Each month I have to come up with a topic for this column. Sounds easy, right? Well, sometimes it is, and sometimes it isn’t.
There are months when I know what I’m going to write about days and weeks in advance and when I sit down to write I have my 800 or so words of brilliance to my editor 20 minutes later. Other times, well, it’s not so easy. I’m not a columnist who covers the Eagles or Phillies or any other local sports team. Those I could spill out faster than a sneeze.
No, my particular beat is, well, the world. I suppose I could write about the Eagles or the Phillies, but there’s nothing very column-worthy going on right now. I got an email yesterday reminding me that this was my column week. The powers that be even give me an out. They tell me if I don’t have anything, they’d find something to replace me. But c’mon… once a month? I should be able to do that.
This time, I was stuck. This time, I almost… almost … told them to find another columnist. And then Robin Williams died. I was a fan of Robin Williams. Thought “Mrs. Doubtfire” was literally one of the funniest movies I’ve ever seen. The man oozed talent. One minute he was on a ridiculous riff, completely stream-of-consciousness. The next, he was talking about a serious issue that was close to his heart.
His work reflected that. He did silly comedies (the aforementioned “Mrs. Doubtfire”), he did voiceovers for children’s movies (“Aladdin”) and he could turn serious with a moment’s notice (“Patch Adams” and various other roles). I’m not here to reminisce about the great career of a man who left us much too soon. I’m not shedding a tear for him, though I’m certainly not happy with the news. I have been known to cry at the death of someone I’d not met or really didn’t know (the day Rich Ashburn died remains one of the more difficult days of my life).
But what ultimately got Williams, from all accounts, was a battle with depression. He lost. Depression is something that, if you don’t have it, you have no idea what it’s about. We can Google cancer and pretty much get an idea of how it works and how it kills. Same with countless other diseases. Getting a hold on how depression kills is more difficult, like trying to put toothpaste back in a tube.
I’ve been diagnosed as clinically depressed. I disagree with the diagnosis, but who am I to do that? It basically stemmed from many talks with therapists, talks that were born of a legitimate battle with anxiety. That is a little easier to put your arms around, but only a little.

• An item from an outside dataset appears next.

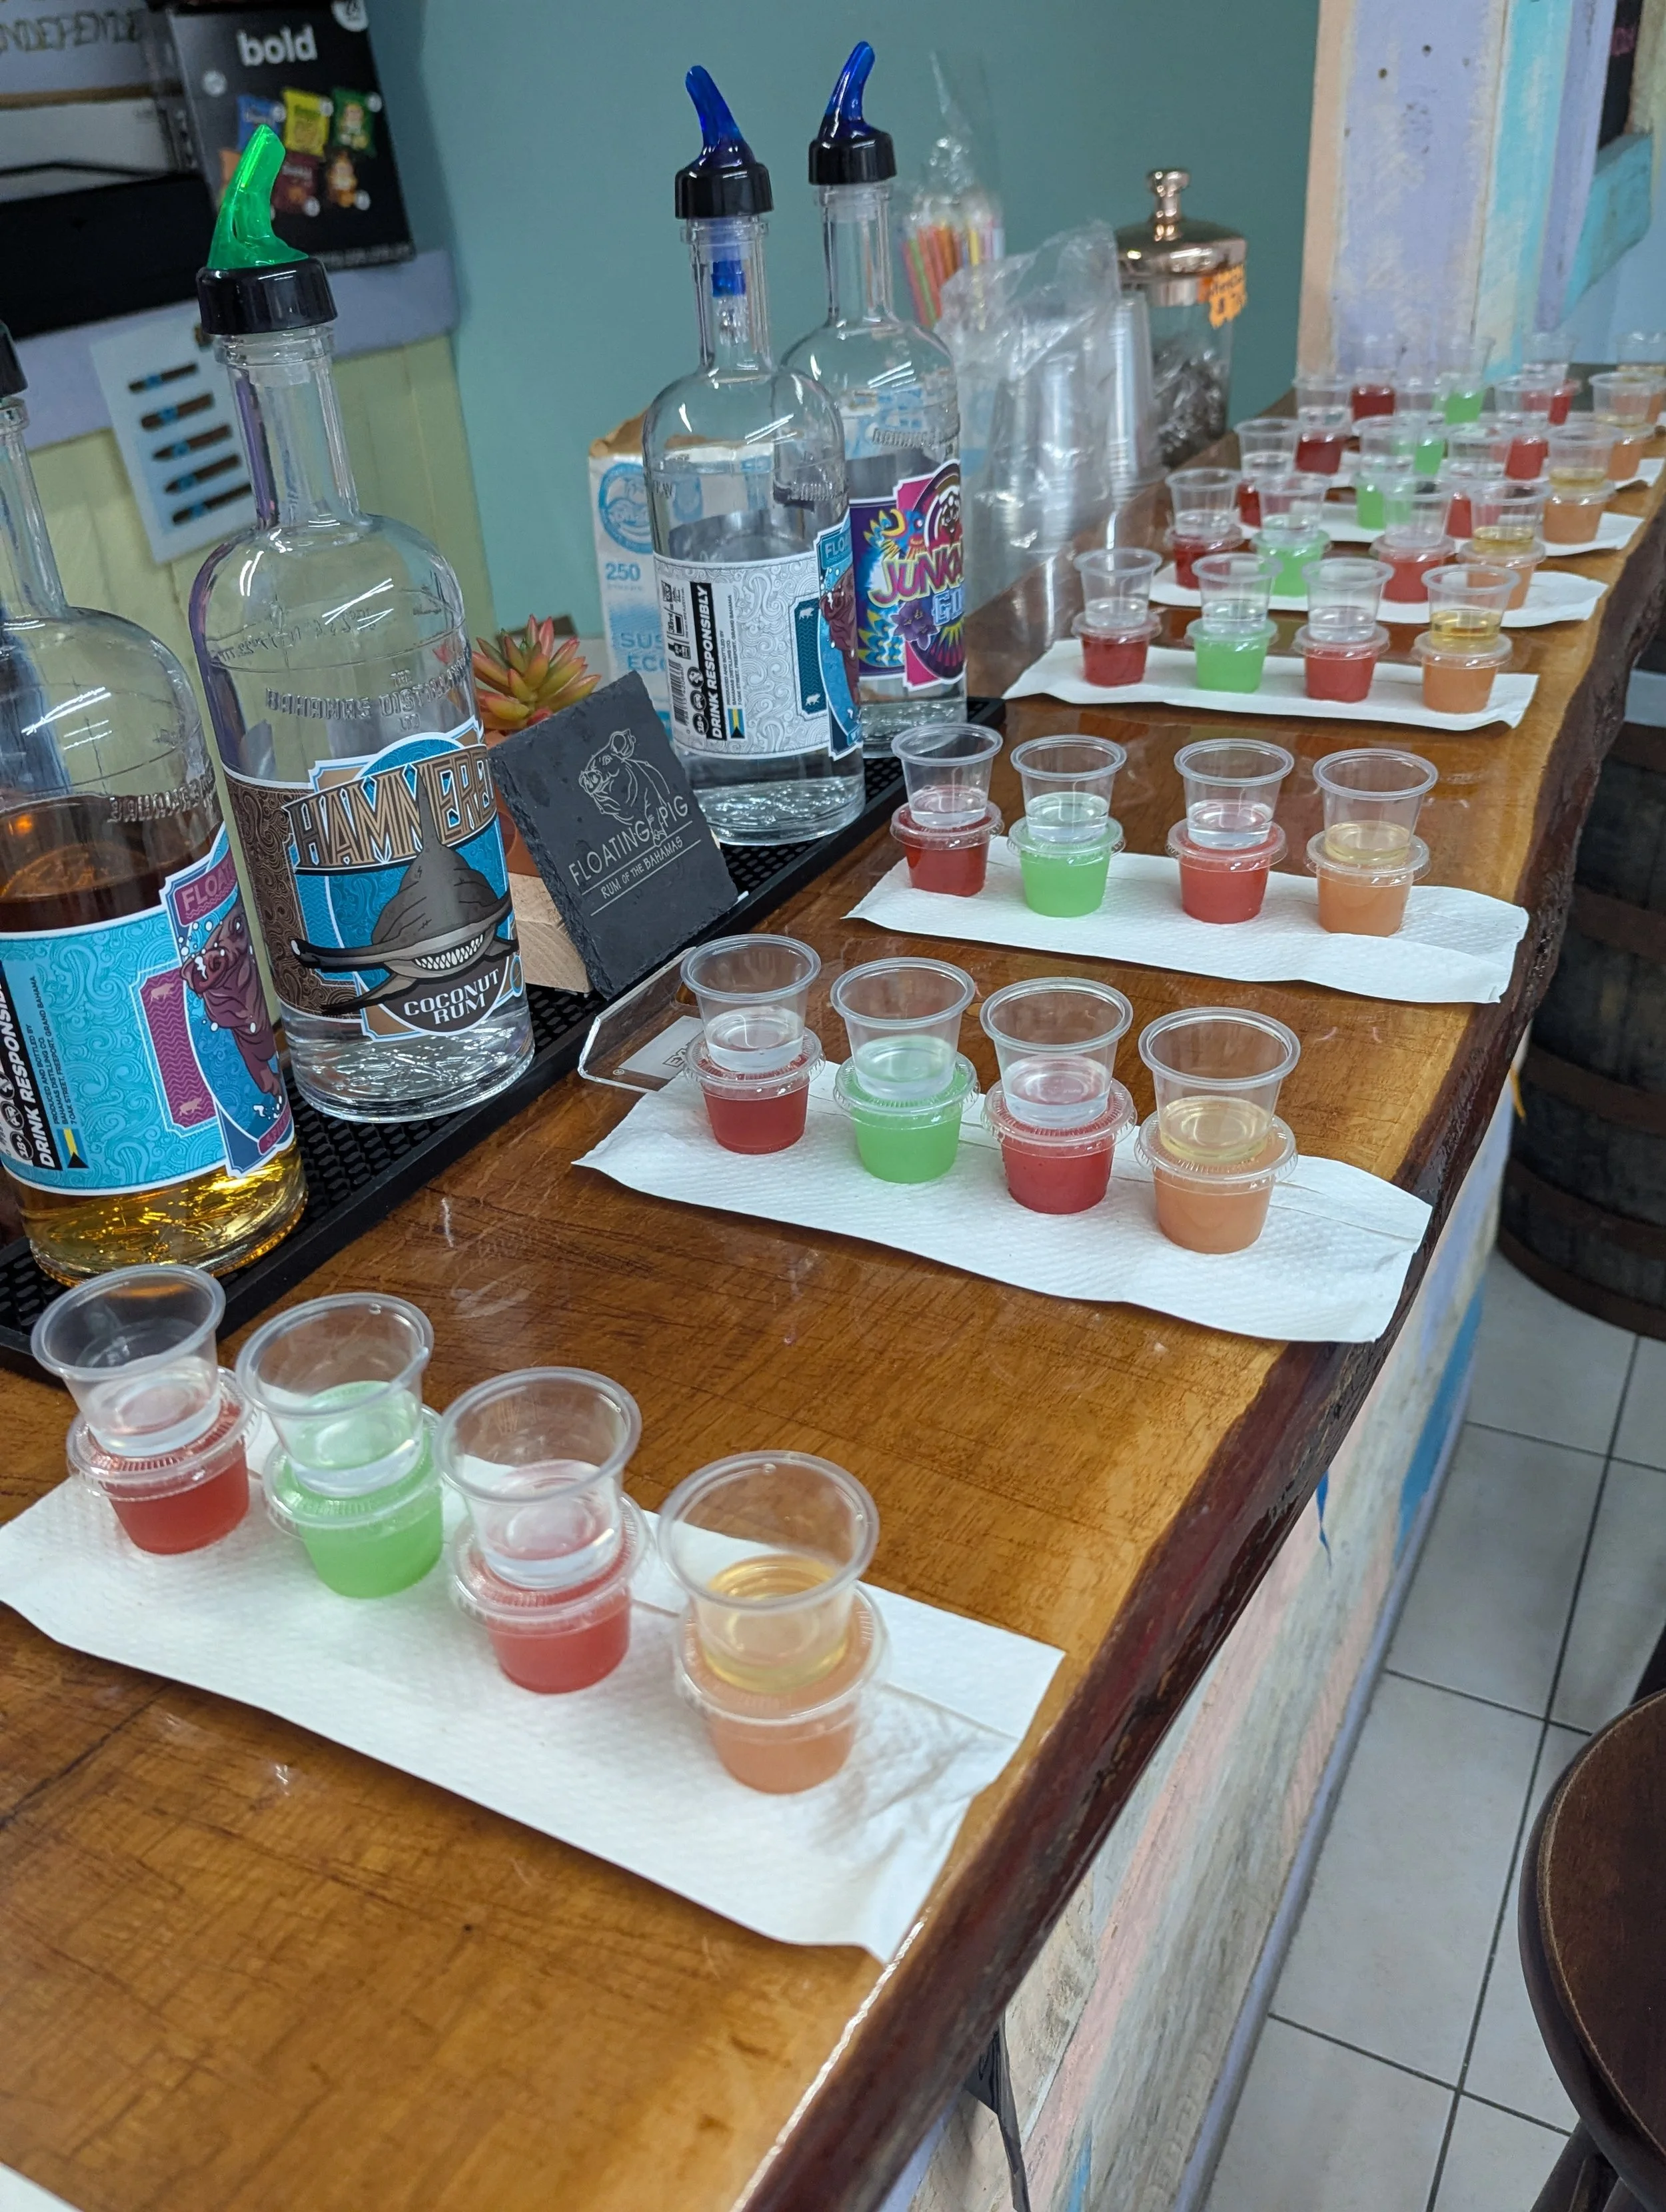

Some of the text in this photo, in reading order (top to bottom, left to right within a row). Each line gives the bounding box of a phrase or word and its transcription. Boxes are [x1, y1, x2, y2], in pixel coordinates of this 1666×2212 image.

Sometimes I feel as though I’m what I like to call “locked.” Getting off the couch and feeding the dog feels as though someone’s asked me to climb Mount Everest in flip-flops. I feel as if I just can’t do it.
But depressed? I never really get that feeling. Even when I’m going through an anxiety attack — a nearly daily occurrence — I never get the feeling that things won’t get better. I’m still able to keep perspective, which I believe is a big part of being depressed or not being depressed. I can still look at my wife, my children, my friends, my dog, my life and realize how lucky I am. Even if I am locked to the couch.
I am going to stop using the word depressed. It saturates its true meaning. Hearing Robin Williams killed himself because he was depressed makes him sound weak, and though I never met the man, I’m betting he was anything but weak. Despite a seemingly close circle, he felt as though things would not, could not, ever get better. No, from now on, when the Eagles lose, or if I’m having a generally bad day, I’m going to be bummed. I’m not going to be depressed.
Nobody says, “I feel cancerous” when they wake up with a splitting headache. That would be ridiculous. As it should be with people who throw the word “depressed” around like it’s any other adjective. Anything that can kill a man gets its own word, one that shouldn’t be used to describe anything else.
Most people probably can’t wrap their hands around why someone like Williams — wealthy, popular, enjoying all the trimmings that come with being a movie star — would take his own life. Lots of folks are probably saying, “I’d trade my life for his in a second.” My guess is if that were possible, you’d trade back in under a second. Being depressed — really, truly, able-to-take-your-ownlife depressed — is one of the worst things you can go through.
There’s no lottery or scratch off ticket to take away depression. Sure, there’s medication, but sometimes that’s not enough. Sometimes, the only way out is to remove the cause of the depression. Sadly, that’s what RobinWilliams did.